* Exercise instructions:
Please retype the records below exactly as they stand.
════
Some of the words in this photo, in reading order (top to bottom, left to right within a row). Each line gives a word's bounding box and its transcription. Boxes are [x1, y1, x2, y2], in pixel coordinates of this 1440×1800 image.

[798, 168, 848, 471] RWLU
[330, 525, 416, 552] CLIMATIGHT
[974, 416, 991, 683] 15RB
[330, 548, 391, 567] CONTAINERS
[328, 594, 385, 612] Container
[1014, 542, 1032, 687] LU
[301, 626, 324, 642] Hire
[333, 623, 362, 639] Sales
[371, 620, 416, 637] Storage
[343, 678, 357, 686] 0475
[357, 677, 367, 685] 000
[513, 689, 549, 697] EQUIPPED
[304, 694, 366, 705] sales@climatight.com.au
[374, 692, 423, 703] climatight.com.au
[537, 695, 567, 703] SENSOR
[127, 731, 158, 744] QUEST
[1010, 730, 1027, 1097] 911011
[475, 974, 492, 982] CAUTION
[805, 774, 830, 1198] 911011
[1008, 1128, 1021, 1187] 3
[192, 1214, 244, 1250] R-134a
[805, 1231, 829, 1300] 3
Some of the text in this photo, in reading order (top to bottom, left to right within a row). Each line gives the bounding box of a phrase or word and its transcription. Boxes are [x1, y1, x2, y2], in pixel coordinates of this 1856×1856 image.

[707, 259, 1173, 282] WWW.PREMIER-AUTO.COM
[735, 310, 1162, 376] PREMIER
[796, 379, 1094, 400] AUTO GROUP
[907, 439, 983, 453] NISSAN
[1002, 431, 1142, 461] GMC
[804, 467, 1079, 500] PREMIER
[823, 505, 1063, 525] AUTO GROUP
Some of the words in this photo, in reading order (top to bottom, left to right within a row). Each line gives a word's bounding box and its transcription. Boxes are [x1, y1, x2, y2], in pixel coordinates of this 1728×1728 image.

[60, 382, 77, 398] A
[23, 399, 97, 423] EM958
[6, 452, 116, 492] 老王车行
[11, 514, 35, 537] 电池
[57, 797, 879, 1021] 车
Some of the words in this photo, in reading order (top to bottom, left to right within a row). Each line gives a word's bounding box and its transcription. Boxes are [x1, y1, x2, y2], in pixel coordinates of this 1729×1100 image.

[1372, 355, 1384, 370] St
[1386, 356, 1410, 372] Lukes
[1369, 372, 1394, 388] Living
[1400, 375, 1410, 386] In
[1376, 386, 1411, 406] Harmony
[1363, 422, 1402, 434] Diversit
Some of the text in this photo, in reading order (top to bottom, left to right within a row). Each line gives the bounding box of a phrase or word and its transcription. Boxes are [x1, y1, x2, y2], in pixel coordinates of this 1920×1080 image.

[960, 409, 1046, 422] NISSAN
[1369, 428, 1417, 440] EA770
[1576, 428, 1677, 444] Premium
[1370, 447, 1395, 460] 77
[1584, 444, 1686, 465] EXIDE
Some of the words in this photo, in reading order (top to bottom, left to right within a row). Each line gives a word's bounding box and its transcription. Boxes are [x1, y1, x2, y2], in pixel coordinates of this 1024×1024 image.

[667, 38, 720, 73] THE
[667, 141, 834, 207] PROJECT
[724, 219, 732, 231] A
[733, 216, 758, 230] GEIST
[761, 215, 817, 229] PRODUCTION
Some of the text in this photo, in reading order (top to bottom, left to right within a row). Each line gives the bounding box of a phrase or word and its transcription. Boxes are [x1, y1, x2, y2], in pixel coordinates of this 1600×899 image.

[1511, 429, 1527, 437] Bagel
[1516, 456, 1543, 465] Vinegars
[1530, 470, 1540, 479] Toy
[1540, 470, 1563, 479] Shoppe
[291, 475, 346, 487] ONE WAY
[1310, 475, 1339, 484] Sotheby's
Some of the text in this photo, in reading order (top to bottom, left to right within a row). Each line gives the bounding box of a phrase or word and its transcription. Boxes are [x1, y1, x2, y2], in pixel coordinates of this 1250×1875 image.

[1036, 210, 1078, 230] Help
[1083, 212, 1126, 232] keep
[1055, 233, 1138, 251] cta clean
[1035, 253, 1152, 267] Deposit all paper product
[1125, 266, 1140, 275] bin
════
* Answer area:
Some of the words in this photo, in reading order (top to bottom, left to right within a row). Each line gives a word's bounding box and its transcription. Boxes are [x1, y1, x2, y2], in pixel coordinates of this 1440×1800 image.

[798, 168, 848, 471] RWLU
[330, 525, 416, 552] CLIMATIGHT
[974, 416, 991, 683] 15RB
[330, 548, 391, 567] CONTAINERS
[328, 594, 385, 612] Container
[1014, 542, 1032, 687] LU
[301, 626, 324, 642] Hire
[333, 623, 362, 639] Sales
[371, 620, 416, 637] Storage
[343, 678, 357, 686] 0475
[357, 677, 367, 685] 000
[513, 689, 549, 697] EQUIPPED
[304, 694, 366, 705] sales@climatight.com.au
[374, 692, 423, 703] climatight.com.au
[537, 695, 567, 703] SENSOR
[127, 731, 158, 744] QUEST
[1010, 730, 1027, 1097] 911011
[475, 974, 492, 982] CAUTION
[805, 774, 830, 1198] 911011
[1008, 1128, 1021, 1187] 3
[192, 1214, 244, 1250] R-134a
[805, 1231, 829, 1300] 3
Some of the text in this photo, in reading order (top to bottom, left to right within a row). Each line gives the bounding box of a phrase or word and its transcription. Boxes are [x1, y1, x2, y2], in pixel coordinates of this 1856×1856 image.

[707, 259, 1173, 282] WWW.PREMIER-AUTO.COM
[735, 310, 1162, 376] PREMIER
[796, 379, 1094, 400] AUTO GROUP
[907, 439, 983, 453] NISSAN
[1002, 431, 1142, 461] GMC
[804, 467, 1079, 500] PREMIER
[823, 505, 1063, 525] AUTO GROUP
Some of the words in this photo, in reading order (top to bottom, left to right within a row). Each line gives a word's bounding box and its transcription. Boxes are [x1, y1, x2, y2], in pixel coordinates of this 1728×1728 image.

[60, 382, 77, 398] A
[23, 399, 97, 423] EM958
[6, 452, 116, 492] 老王车行
[11, 514, 35, 537] 电池
[57, 797, 879, 1021] 车
Some of the words in this photo, in reading order (top to bottom, left to right within a row). Each line gives a word's bounding box and its transcription. Boxes are [x1, y1, x2, y2], in pixel coordinates of this 1729×1100 image.

[1372, 355, 1384, 370] St
[1386, 356, 1410, 372] Lukes
[1369, 372, 1394, 388] Living
[1400, 375, 1410, 386] In
[1376, 386, 1411, 406] Harmony
[1363, 422, 1402, 434] Diversit
Some of the text in this photo, in reading order (top to bottom, left to right within a row). Each line gives the bounding box of a phrase or word and its transcription. Boxes are [x1, y1, x2, y2], in pixel coordinates of this 1920×1080 image.

[960, 409, 1046, 422] NISSAN
[1369, 428, 1417, 440] EA770
[1576, 428, 1677, 444] Premium
[1370, 447, 1395, 460] 77
[1584, 444, 1686, 465] EXIDE
Some of the words in this photo, in reading order (top to bottom, left to right within a row). Each line gives a word's bounding box and its transcription. Boxes are [x1, y1, x2, y2], in pixel coordinates of this 1024×1024 image.

[667, 38, 720, 73] THE
[667, 141, 834, 207] PROJECT
[724, 219, 732, 231] A
[733, 216, 758, 230] GEIST
[761, 215, 817, 229] PRODUCTION
Some of the text in this photo, in reading order (top to bottom, left to right within a row). Each line gives the bounding box of a phrase or word and its transcription. Boxes are [x1, y1, x2, y2], in pixel coordinates of this 1600×899 image.

[1511, 429, 1527, 437] Bagel
[1516, 456, 1543, 465] Vinegars
[1530, 470, 1540, 479] Toy
[1540, 470, 1563, 479] Shoppe
[291, 475, 346, 487] ONE WAY
[1310, 475, 1339, 484] Sotheby's
Some of the text in this photo, in reading order (top to bottom, left to right within a row). Each line gives the bounding box of a phrase or word and its transcription. Boxes are [x1, y1, x2, y2], in pixel coordinates of this 1250×1875 image.

[1036, 210, 1078, 230] Help
[1083, 212, 1126, 232] keep
[1055, 233, 1138, 251] cta clean
[1035, 253, 1152, 267] Deposit all paper product
[1125, 266, 1140, 275] bin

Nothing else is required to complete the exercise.